## Dataset entries
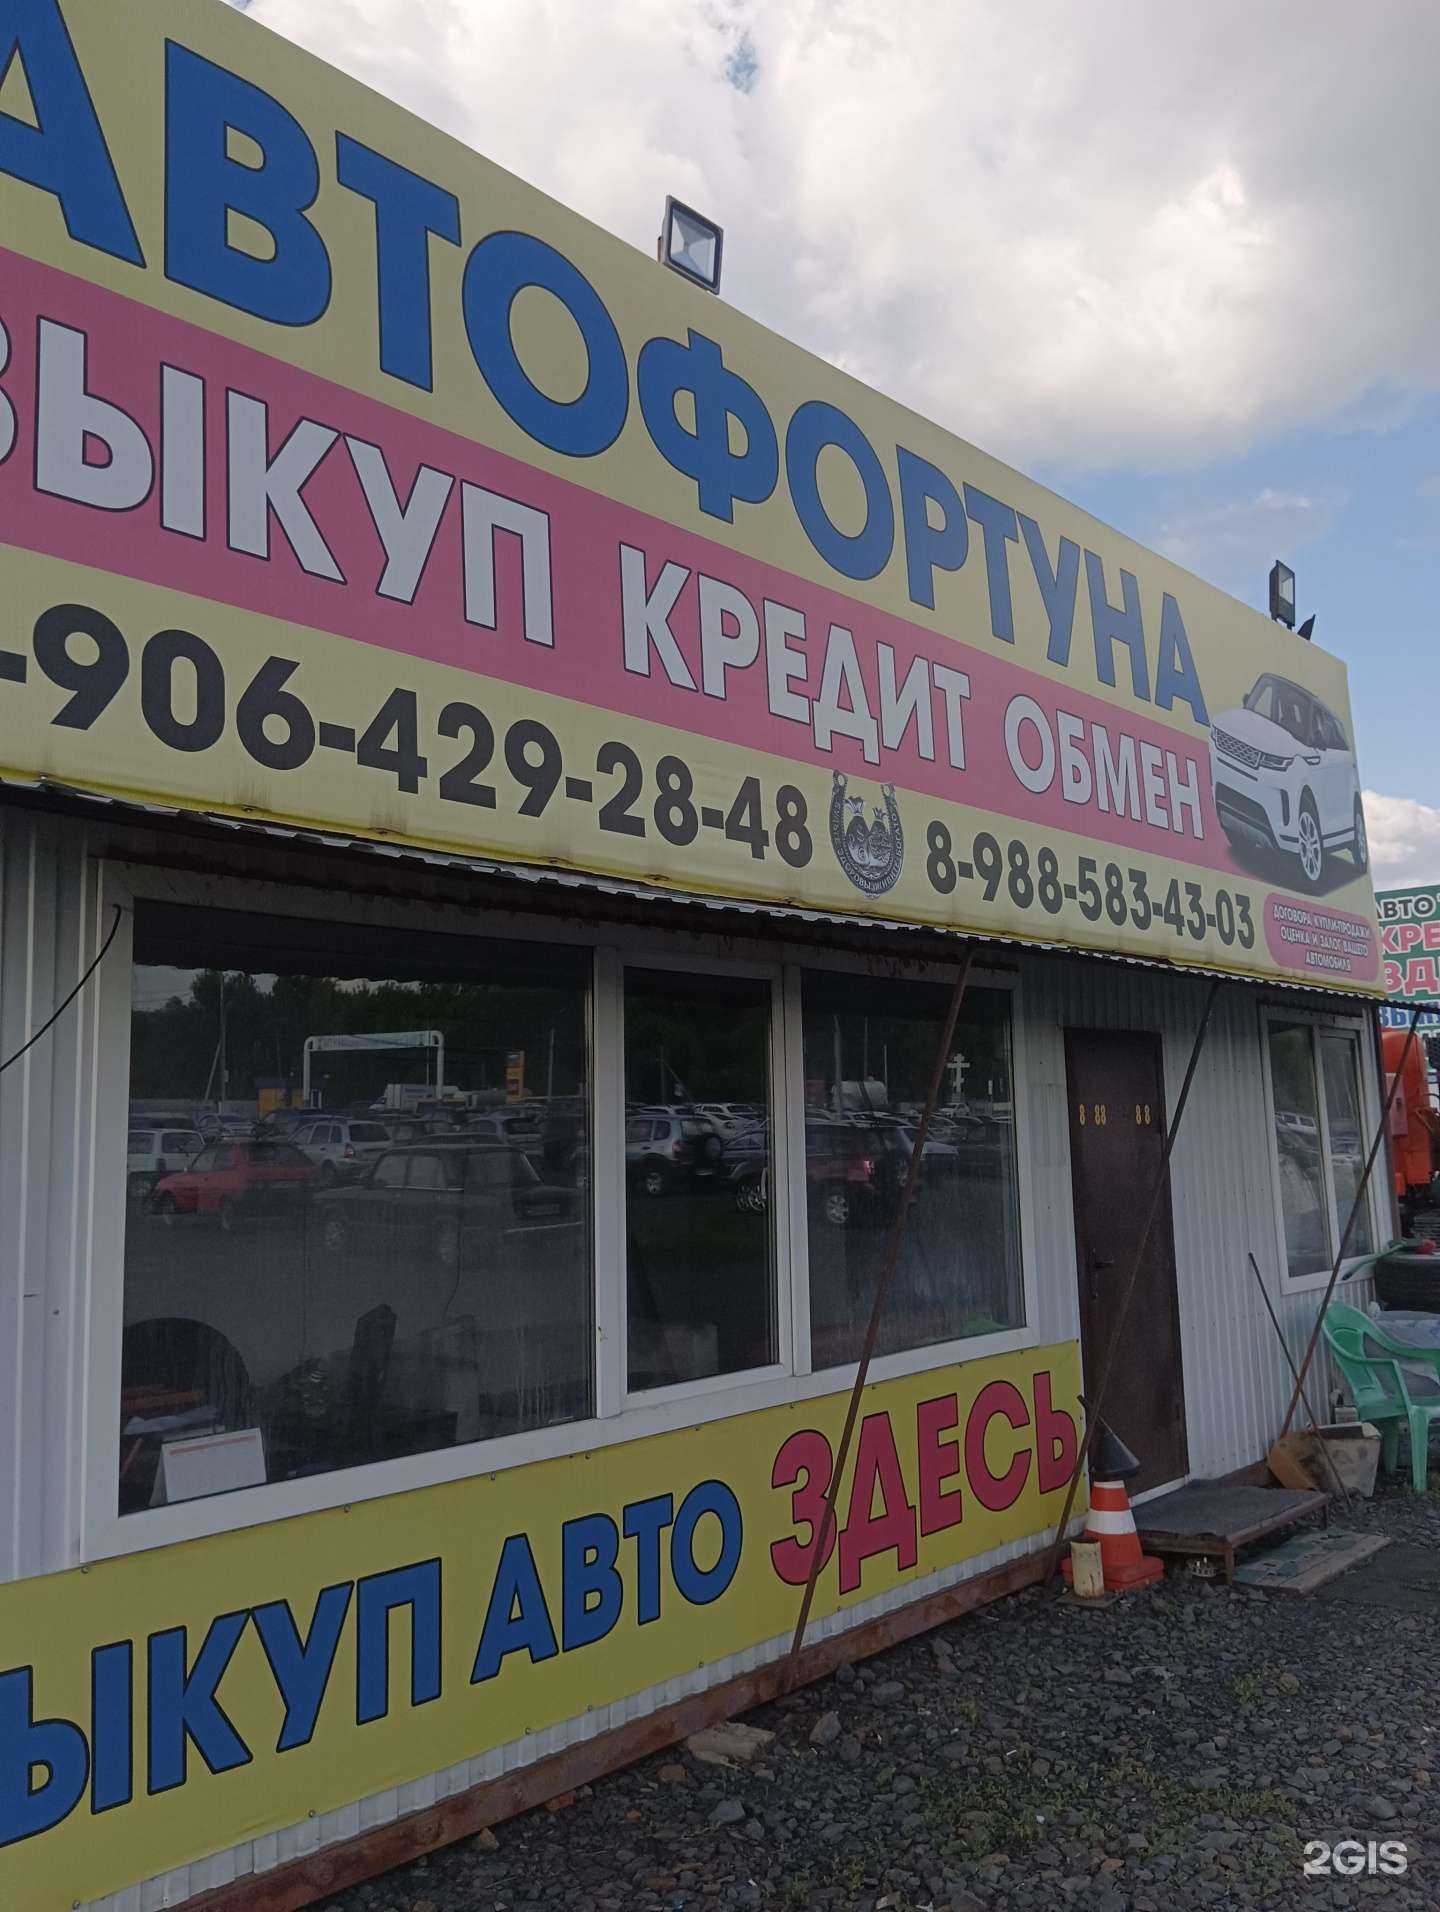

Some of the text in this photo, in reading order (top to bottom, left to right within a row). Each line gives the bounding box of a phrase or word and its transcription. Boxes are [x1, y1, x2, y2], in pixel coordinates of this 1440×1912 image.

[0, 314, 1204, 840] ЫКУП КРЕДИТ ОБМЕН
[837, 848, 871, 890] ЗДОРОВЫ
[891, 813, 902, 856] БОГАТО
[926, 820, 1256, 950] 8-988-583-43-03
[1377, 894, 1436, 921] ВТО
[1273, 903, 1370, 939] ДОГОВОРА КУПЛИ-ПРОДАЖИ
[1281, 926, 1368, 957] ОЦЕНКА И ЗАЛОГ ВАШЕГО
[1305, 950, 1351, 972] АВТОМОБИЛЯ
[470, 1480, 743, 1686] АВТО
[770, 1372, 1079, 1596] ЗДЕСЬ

## Work item
All entries above must be printed again verbatim, with images excluded.

## Answer section
Some of the text in this photo, in reading order (top to bottom, left to right within a row). Each line gives the bounding box of a phrase or word and its transcription. Boxes are [x1, y1, x2, y2], in pixel coordinates of this 1440×1912 image.

[0, 314, 1204, 840] ЫКУП КРЕДИТ ОБМЕН
[837, 848, 871, 890] ЗДОРОВЫ
[891, 813, 902, 856] БОГАТО
[926, 820, 1256, 950] 8-988-583-43-03
[1377, 894, 1436, 921] ВТО
[1273, 903, 1370, 939] ДОГОВОРА КУПЛИ-ПРОДАЖИ
[1281, 926, 1368, 957] ОЦЕНКА И ЗАЛОГ ВАШЕГО
[1305, 950, 1351, 972] АВТОМОБИЛЯ
[470, 1480, 743, 1686] АВТО
[770, 1372, 1079, 1596] ЗДЕСЬ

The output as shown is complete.